Task to carry out: From the first line to the last, restate the data word for word.

[Stored data]
....

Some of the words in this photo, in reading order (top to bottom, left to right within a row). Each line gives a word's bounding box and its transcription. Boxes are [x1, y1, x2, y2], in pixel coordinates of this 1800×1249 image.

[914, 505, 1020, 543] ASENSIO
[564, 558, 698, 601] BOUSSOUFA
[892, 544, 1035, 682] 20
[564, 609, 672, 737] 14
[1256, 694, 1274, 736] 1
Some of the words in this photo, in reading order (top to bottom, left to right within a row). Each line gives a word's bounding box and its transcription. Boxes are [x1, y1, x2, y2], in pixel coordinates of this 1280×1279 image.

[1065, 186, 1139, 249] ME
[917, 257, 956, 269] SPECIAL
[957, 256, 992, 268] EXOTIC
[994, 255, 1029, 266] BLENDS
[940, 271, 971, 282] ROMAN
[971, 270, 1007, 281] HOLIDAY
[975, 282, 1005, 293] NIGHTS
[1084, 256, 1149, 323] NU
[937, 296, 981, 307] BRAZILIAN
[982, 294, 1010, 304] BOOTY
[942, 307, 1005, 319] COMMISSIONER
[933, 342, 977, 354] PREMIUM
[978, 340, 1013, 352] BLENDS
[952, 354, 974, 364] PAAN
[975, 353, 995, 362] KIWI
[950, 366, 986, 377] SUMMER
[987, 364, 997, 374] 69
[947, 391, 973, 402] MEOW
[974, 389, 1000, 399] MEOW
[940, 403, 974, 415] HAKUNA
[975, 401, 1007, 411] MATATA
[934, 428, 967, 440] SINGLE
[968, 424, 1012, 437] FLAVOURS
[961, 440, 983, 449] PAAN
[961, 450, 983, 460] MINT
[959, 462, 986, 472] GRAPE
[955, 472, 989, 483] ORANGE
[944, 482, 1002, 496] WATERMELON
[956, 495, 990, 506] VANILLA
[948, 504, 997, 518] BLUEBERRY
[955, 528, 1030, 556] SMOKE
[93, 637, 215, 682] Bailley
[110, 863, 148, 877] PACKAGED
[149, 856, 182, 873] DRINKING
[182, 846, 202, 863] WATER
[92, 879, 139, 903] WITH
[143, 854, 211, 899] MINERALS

....

Output for this task:
Some of the words in this photo, in reading order (top to bottom, left to right within a row). Each line gives a word's bounding box and its transcription. Boxes are [x1, y1, x2, y2], in pixel coordinates of this 1800×1249 image.

[914, 505, 1020, 543] ASENSIO
[564, 558, 698, 601] BOUSSOUFA
[892, 544, 1035, 682] 20
[564, 609, 672, 737] 14
[1256, 694, 1274, 736] 1
Some of the words in this photo, in reading order (top to bottom, left to right within a row). Each line gives a word's bounding box and its transcription. Boxes are [x1, y1, x2, y2], in pixel coordinates of this 1280×1279 image.

[1065, 186, 1139, 249] ME
[917, 257, 956, 269] SPECIAL
[957, 256, 992, 268] EXOTIC
[994, 255, 1029, 266] BLENDS
[940, 271, 971, 282] ROMAN
[971, 270, 1007, 281] HOLIDAY
[975, 282, 1005, 293] NIGHTS
[1084, 256, 1149, 323] NU
[937, 296, 981, 307] BRAZILIAN
[982, 294, 1010, 304] BOOTY
[942, 307, 1005, 319] COMMISSIONER
[933, 342, 977, 354] PREMIUM
[978, 340, 1013, 352] BLENDS
[952, 354, 974, 364] PAAN
[975, 353, 995, 362] KIWI
[950, 366, 986, 377] SUMMER
[987, 364, 997, 374] 69
[947, 391, 973, 402] MEOW
[974, 389, 1000, 399] MEOW
[940, 403, 974, 415] HAKUNA
[975, 401, 1007, 411] MATATA
[934, 428, 967, 440] SINGLE
[968, 424, 1012, 437] FLAVOURS
[961, 440, 983, 449] PAAN
[961, 450, 983, 460] MINT
[959, 462, 986, 472] GRAPE
[955, 472, 989, 483] ORANGE
[944, 482, 1002, 496] WATERMELON
[956, 495, 990, 506] VANILLA
[948, 504, 997, 518] BLUEBERRY
[955, 528, 1030, 556] SMOKE
[93, 637, 215, 682] Bailley
[110, 863, 148, 877] PACKAGED
[149, 856, 182, 873] DRINKING
[182, 846, 202, 863] WATER
[92, 879, 139, 903] WITH
[143, 854, 211, 899] MINERALS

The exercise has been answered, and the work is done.